[WHAT IS EXPECTED]: Restate the listing below word for word; no picture is to be carried over.
───── PROVIDED INFORMATION
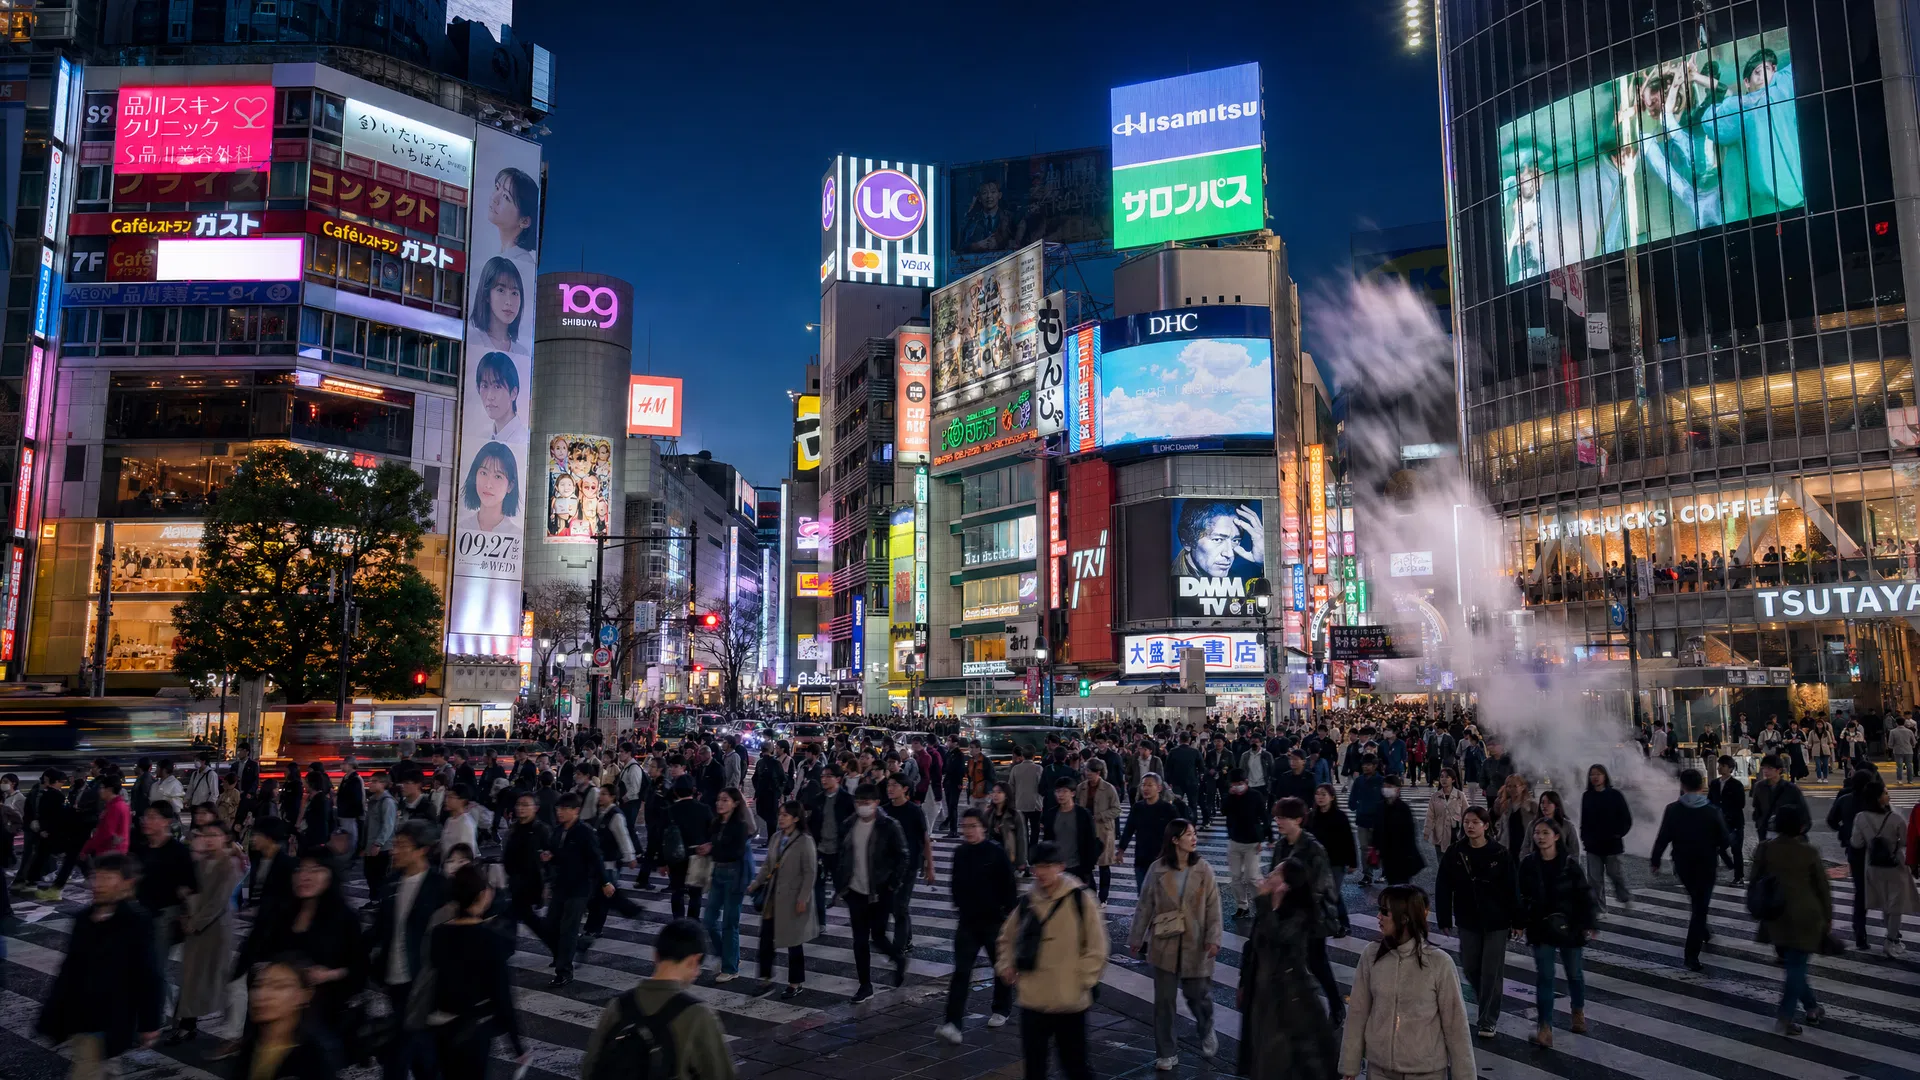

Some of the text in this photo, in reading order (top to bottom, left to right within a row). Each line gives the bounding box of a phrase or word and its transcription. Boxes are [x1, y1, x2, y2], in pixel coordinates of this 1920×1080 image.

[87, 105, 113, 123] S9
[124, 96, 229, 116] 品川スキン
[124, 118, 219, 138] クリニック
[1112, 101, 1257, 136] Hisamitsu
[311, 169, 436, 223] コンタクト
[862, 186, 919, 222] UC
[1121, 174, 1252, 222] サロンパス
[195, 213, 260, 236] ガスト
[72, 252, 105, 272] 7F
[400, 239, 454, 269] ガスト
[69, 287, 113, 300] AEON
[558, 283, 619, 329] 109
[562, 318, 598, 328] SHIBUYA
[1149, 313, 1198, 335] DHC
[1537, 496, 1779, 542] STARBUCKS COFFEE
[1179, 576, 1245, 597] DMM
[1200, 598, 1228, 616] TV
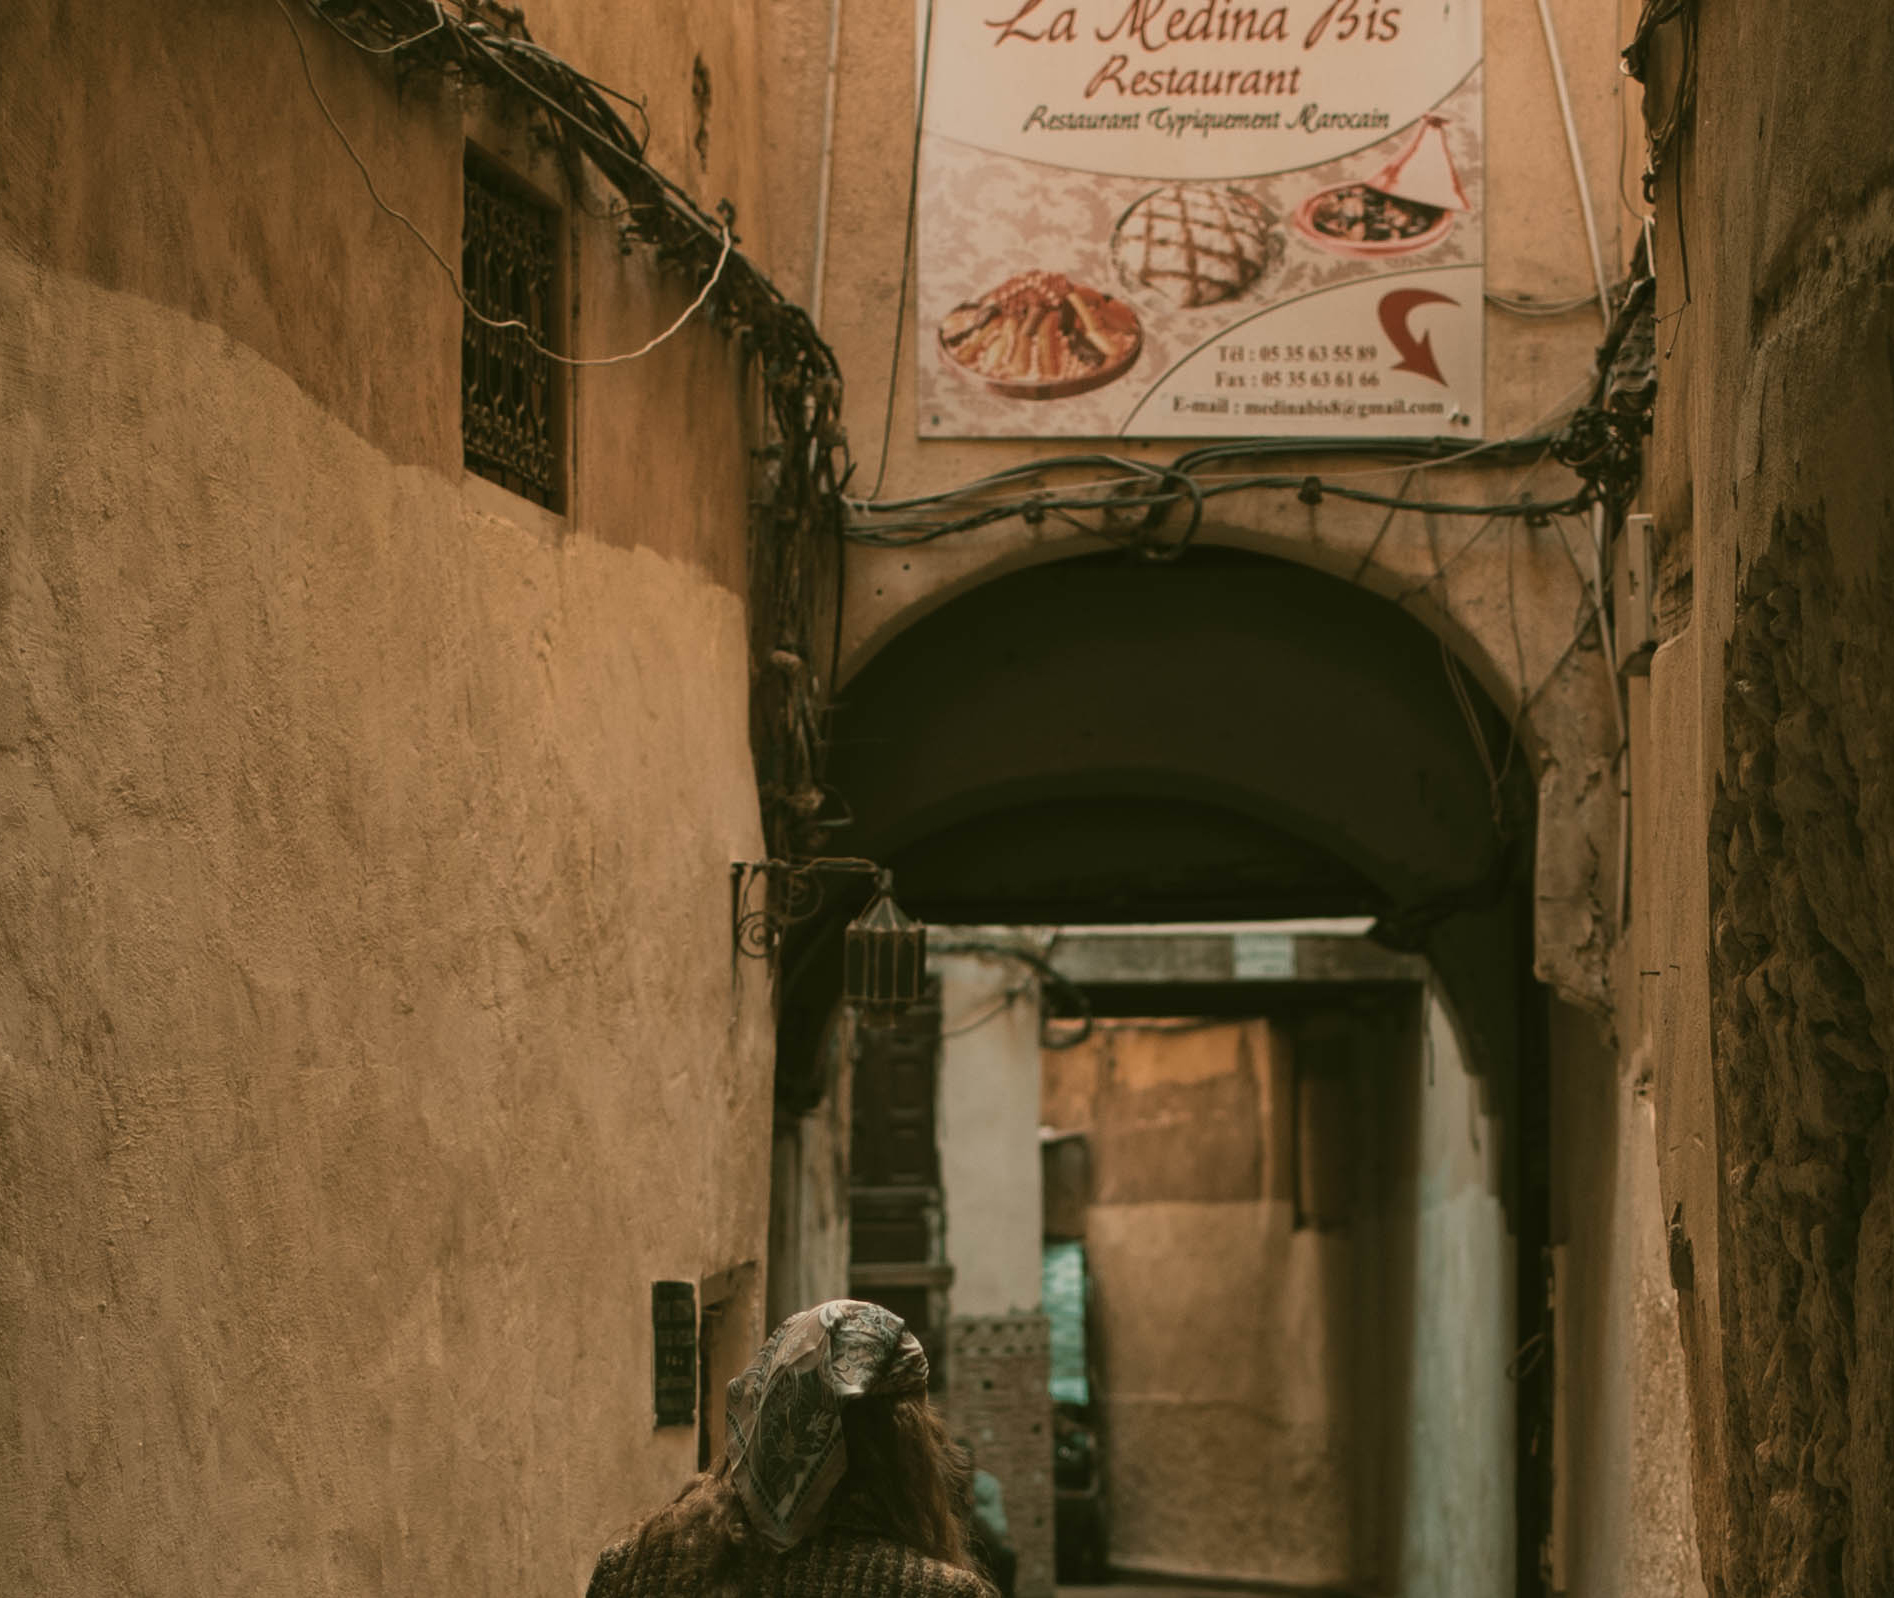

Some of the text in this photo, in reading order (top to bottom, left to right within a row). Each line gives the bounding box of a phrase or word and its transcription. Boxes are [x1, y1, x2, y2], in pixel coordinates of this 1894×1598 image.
──────────
[FINISHED EXERCISE]:
Some of the text in this photo, in reading order (top to bottom, left to right within a row). Each line gives the bounding box of a phrase or word and its transcription. Boxes are [x1, y1, x2, y2], in pixel coordinates of this 1920×1080 image.

[87, 105, 113, 123] S9
[124, 96, 229, 116] 品川スキン
[124, 118, 219, 138] クリニック
[1112, 101, 1257, 136] Hisamitsu
[311, 169, 436, 223] コンタクト
[862, 186, 919, 222] UC
[1121, 174, 1252, 222] サロンパス
[195, 213, 260, 236] ガスト
[72, 252, 105, 272] 7F
[400, 239, 454, 269] ガスト
[69, 287, 113, 300] AEON
[558, 283, 619, 329] 109
[562, 318, 598, 328] SHIBUYA
[1149, 313, 1198, 335] DHC
[1537, 496, 1779, 542] STARBUCKS COFFEE
[1179, 576, 1245, 597] DMM
[1200, 598, 1228, 616] TV

Some of the text in this photo, in reading order (top to bottom, left to right within a row). Each line gives the bounding box of a phrase or word and its transcription. Boxes are [x1, y1, x2, y2], in pixel coordinates of this 1894×1598 image.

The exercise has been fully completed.